DESCRIPTION OF THE TASK
Could you print each entry below verbatim while omitting the pictures?

THE RECORDS
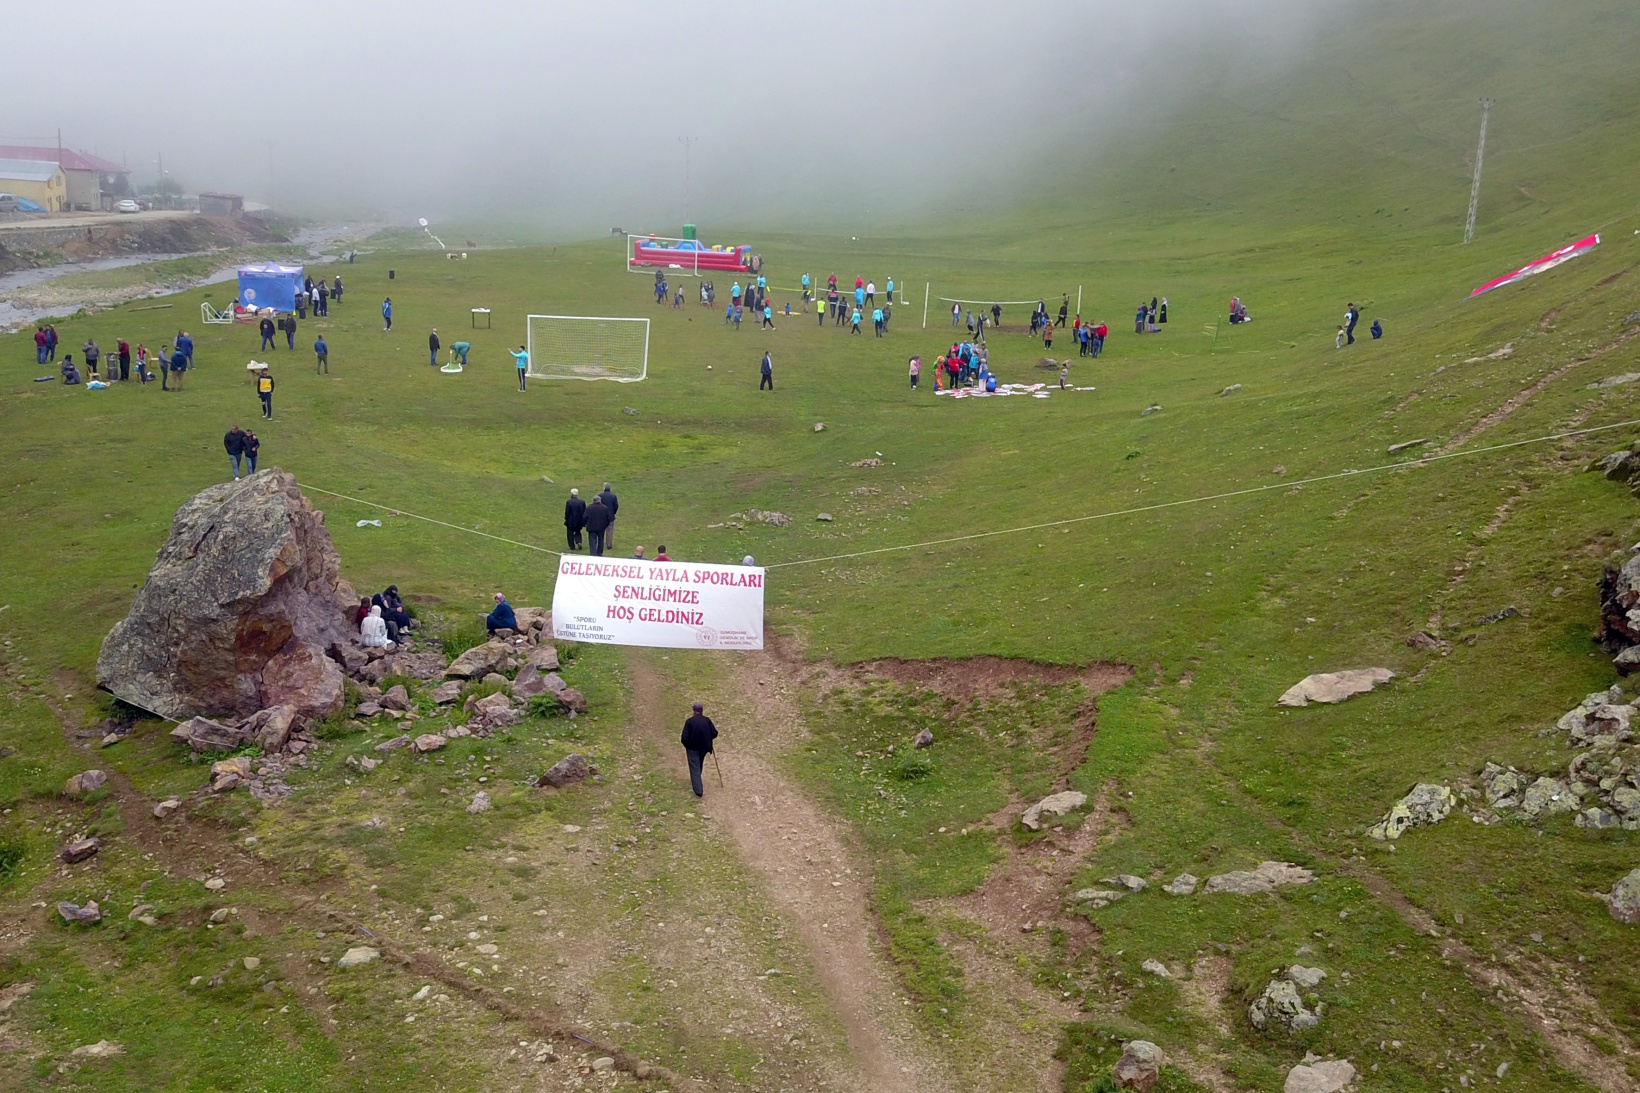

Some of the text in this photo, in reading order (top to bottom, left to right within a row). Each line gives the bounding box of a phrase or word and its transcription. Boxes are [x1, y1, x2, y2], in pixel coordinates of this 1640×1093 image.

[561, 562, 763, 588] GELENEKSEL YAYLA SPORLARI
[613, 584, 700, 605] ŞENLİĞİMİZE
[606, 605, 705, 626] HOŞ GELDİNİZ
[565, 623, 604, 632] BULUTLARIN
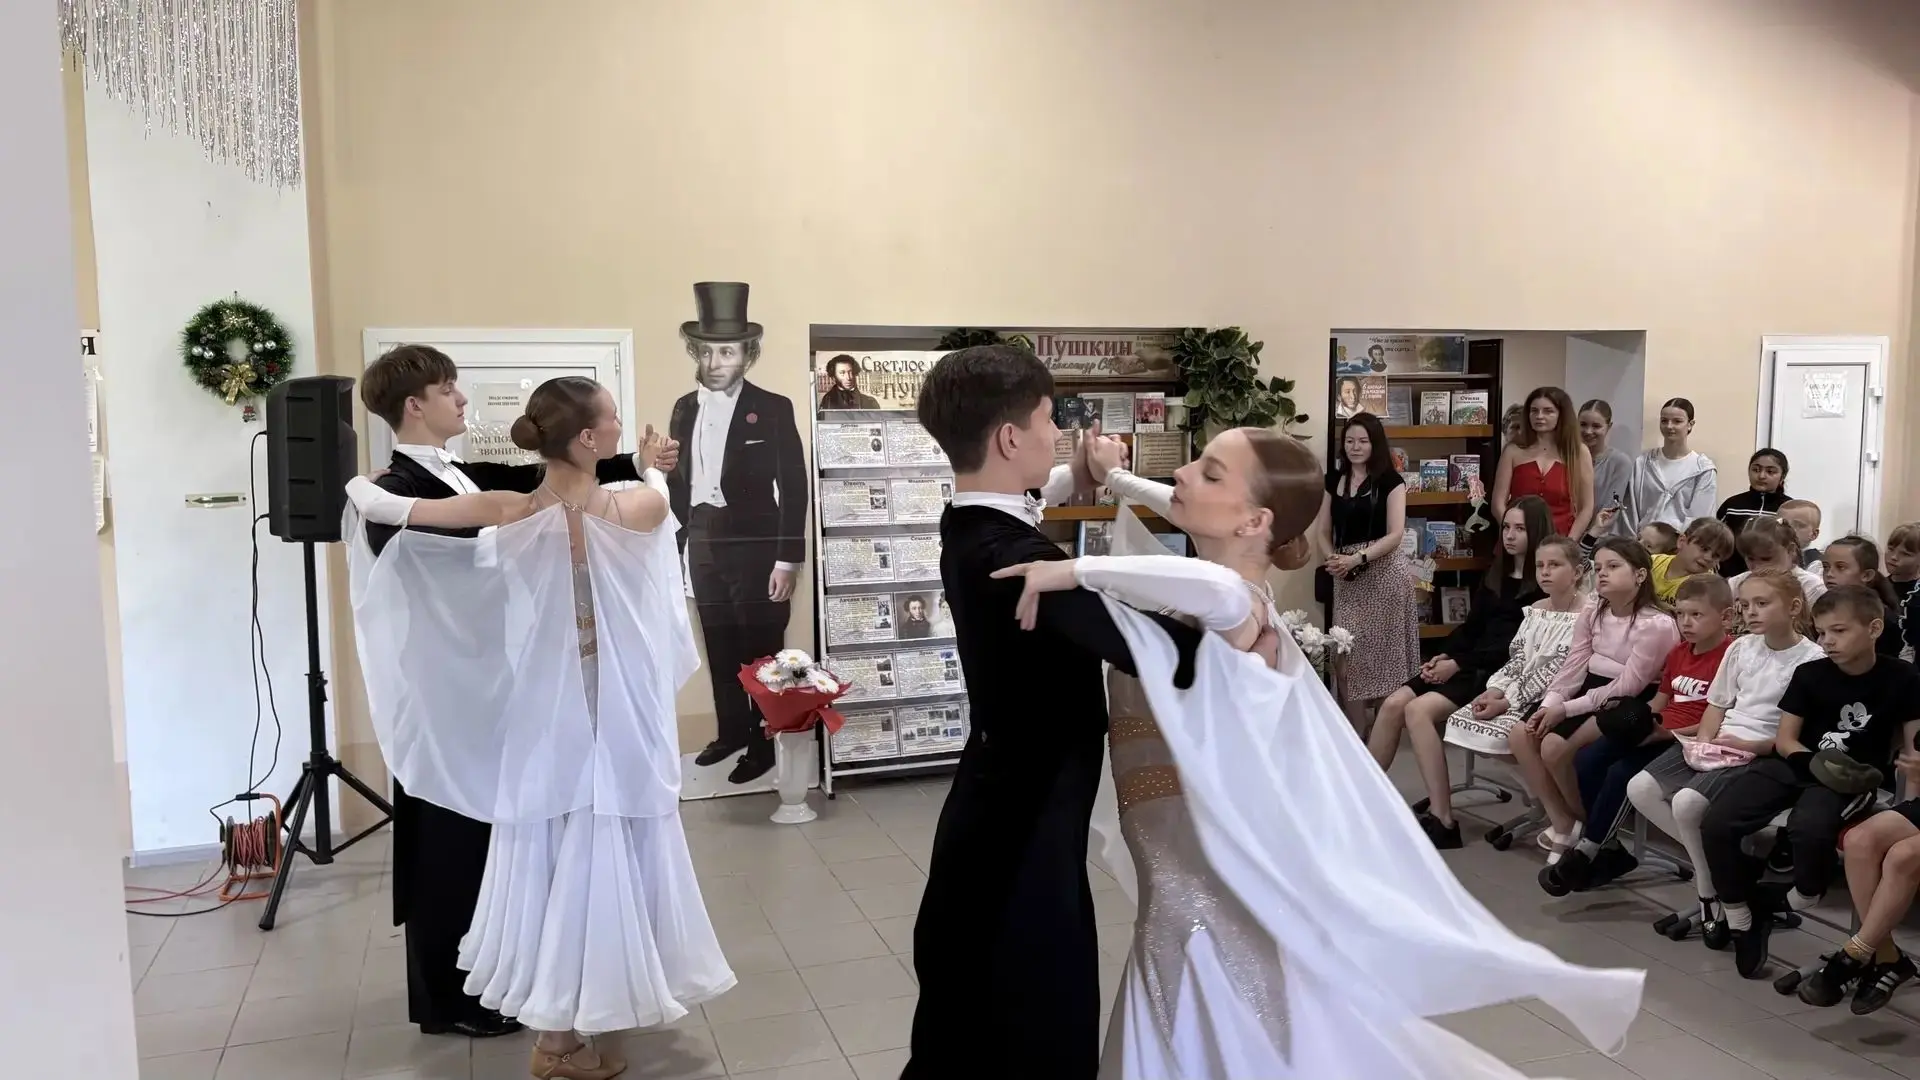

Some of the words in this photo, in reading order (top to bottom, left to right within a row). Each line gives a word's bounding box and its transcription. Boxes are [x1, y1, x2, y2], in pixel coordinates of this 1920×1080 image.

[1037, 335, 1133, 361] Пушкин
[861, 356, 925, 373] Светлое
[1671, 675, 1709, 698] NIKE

ANSWER BOX
Some of the text in this photo, in reading order (top to bottom, left to right within a row). Each line gives the bounding box of a phrase or word and its transcription. Boxes are [x1, y1, x2, y2], in pixel coordinates of this 1640×1093 image.

[561, 562, 763, 588] GELENEKSEL YAYLA SPORLARI
[613, 584, 700, 605] ŞENLİĞİMİZE
[606, 605, 705, 626] HOŞ GELDİNİZ
[565, 623, 604, 632] BULUTLARIN

Some of the words in this photo, in reading order (top to bottom, left to right within a row). Each line gives a word's bounding box and its transcription. Boxes are [x1, y1, x2, y2], in pixel coordinates of this 1920×1080 image.

[1037, 335, 1133, 361] Пушкин
[861, 356, 925, 373] Светлое
[1671, 675, 1709, 698] NIKE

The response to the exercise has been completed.